» **What you need to do**: The expected output is every line below, reproduced exactly.

» **Stored data**:
○ ○ ○ ○
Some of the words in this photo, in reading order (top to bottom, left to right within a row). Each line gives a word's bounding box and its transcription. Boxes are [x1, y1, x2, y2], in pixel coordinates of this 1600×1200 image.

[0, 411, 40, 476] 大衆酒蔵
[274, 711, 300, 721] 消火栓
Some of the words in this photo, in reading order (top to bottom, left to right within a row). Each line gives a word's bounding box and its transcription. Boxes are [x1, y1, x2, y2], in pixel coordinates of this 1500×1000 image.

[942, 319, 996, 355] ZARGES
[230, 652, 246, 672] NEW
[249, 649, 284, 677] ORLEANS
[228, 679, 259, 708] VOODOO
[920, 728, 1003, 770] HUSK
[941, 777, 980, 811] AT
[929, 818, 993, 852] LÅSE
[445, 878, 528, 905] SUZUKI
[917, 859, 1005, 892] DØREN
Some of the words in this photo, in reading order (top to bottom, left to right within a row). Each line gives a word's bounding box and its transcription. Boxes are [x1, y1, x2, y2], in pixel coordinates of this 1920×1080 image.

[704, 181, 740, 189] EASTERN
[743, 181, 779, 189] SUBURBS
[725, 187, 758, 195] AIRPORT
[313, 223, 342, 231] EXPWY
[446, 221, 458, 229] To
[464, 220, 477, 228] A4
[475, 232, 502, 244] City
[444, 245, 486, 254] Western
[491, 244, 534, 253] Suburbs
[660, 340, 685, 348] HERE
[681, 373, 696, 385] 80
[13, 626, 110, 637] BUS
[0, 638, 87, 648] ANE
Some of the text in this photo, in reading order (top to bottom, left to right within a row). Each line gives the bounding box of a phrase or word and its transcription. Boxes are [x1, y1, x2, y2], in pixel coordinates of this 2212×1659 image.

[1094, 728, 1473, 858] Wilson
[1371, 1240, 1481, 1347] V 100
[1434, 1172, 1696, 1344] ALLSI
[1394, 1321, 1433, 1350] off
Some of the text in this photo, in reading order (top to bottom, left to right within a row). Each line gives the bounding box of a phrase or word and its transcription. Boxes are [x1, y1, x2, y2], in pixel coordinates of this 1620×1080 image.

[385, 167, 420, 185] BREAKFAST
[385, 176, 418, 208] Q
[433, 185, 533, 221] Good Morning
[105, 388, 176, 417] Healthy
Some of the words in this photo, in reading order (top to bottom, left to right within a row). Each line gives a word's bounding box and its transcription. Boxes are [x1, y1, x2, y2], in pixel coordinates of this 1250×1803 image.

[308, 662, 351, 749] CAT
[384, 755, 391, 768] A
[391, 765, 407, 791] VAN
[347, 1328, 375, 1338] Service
○ ○ ○ ○
» **Solution to this exercise**:
Some of the words in this photo, in reading order (top to bottom, left to right within a row). Each line gives a word's bounding box and its transcription. Boxes are [x1, y1, x2, y2], in pixel coordinates of this 1600×1200 image.

[0, 411, 40, 476] 大衆酒蔵
[274, 711, 300, 721] 消火栓
Some of the words in this photo, in reading order (top to bottom, left to right within a row). Each line gives a word's bounding box and its transcription. Boxes are [x1, y1, x2, y2], in pixel coordinates of this 1500×1000 image.

[942, 319, 996, 355] ZARGES
[230, 652, 246, 672] NEW
[249, 649, 284, 677] ORLEANS
[228, 679, 259, 708] VOODOO
[920, 728, 1003, 770] HUSK
[941, 777, 980, 811] AT
[929, 818, 993, 852] LÅSE
[445, 878, 528, 905] SUZUKI
[917, 859, 1005, 892] DØREN
Some of the words in this photo, in reading order (top to bottom, left to right within a row). Each line gives a word's bounding box and its transcription. Boxes are [x1, y1, x2, y2], in pixel coordinates of this 1920×1080 image.

[704, 181, 740, 189] EASTERN
[743, 181, 779, 189] SUBURBS
[725, 187, 758, 195] AIRPORT
[313, 223, 342, 231] EXPWY
[446, 221, 458, 229] To
[464, 220, 477, 228] A4
[475, 232, 502, 244] City
[444, 245, 486, 254] Western
[491, 244, 534, 253] Suburbs
[660, 340, 685, 348] HERE
[681, 373, 696, 385] 80
[13, 626, 110, 637] BUS
[0, 638, 87, 648] ANE
Some of the text in this photo, in reading order (top to bottom, left to right within a row). Each line gives the bounding box of a phrase or word and its transcription. Boxes are [x1, y1, x2, y2], in pixel coordinates of this 2212×1659 image.

[1094, 728, 1473, 858] Wilson
[1371, 1240, 1481, 1347] V 100
[1434, 1172, 1696, 1344] ALLSI
[1394, 1321, 1433, 1350] off
Some of the text in this photo, in reading order (top to bottom, left to right within a row). Each line gives the bounding box of a phrase or word and its transcription. Boxes are [x1, y1, x2, y2], in pixel coordinates of this 1620×1080 image.

[385, 167, 420, 185] BREAKFAST
[385, 176, 418, 208] Q
[433, 185, 533, 221] Good Morning
[105, 388, 176, 417] Healthy
Some of the words in this photo, in reading order (top to bottom, left to right within a row). Each line gives a word's bounding box and its transcription. Boxes are [x1, y1, x2, y2], in pixel coordinates of this 1250×1803 image.

[308, 662, 351, 749] CAT
[384, 755, 391, 768] A
[391, 765, 407, 791] VAN
[347, 1328, 375, 1338] Service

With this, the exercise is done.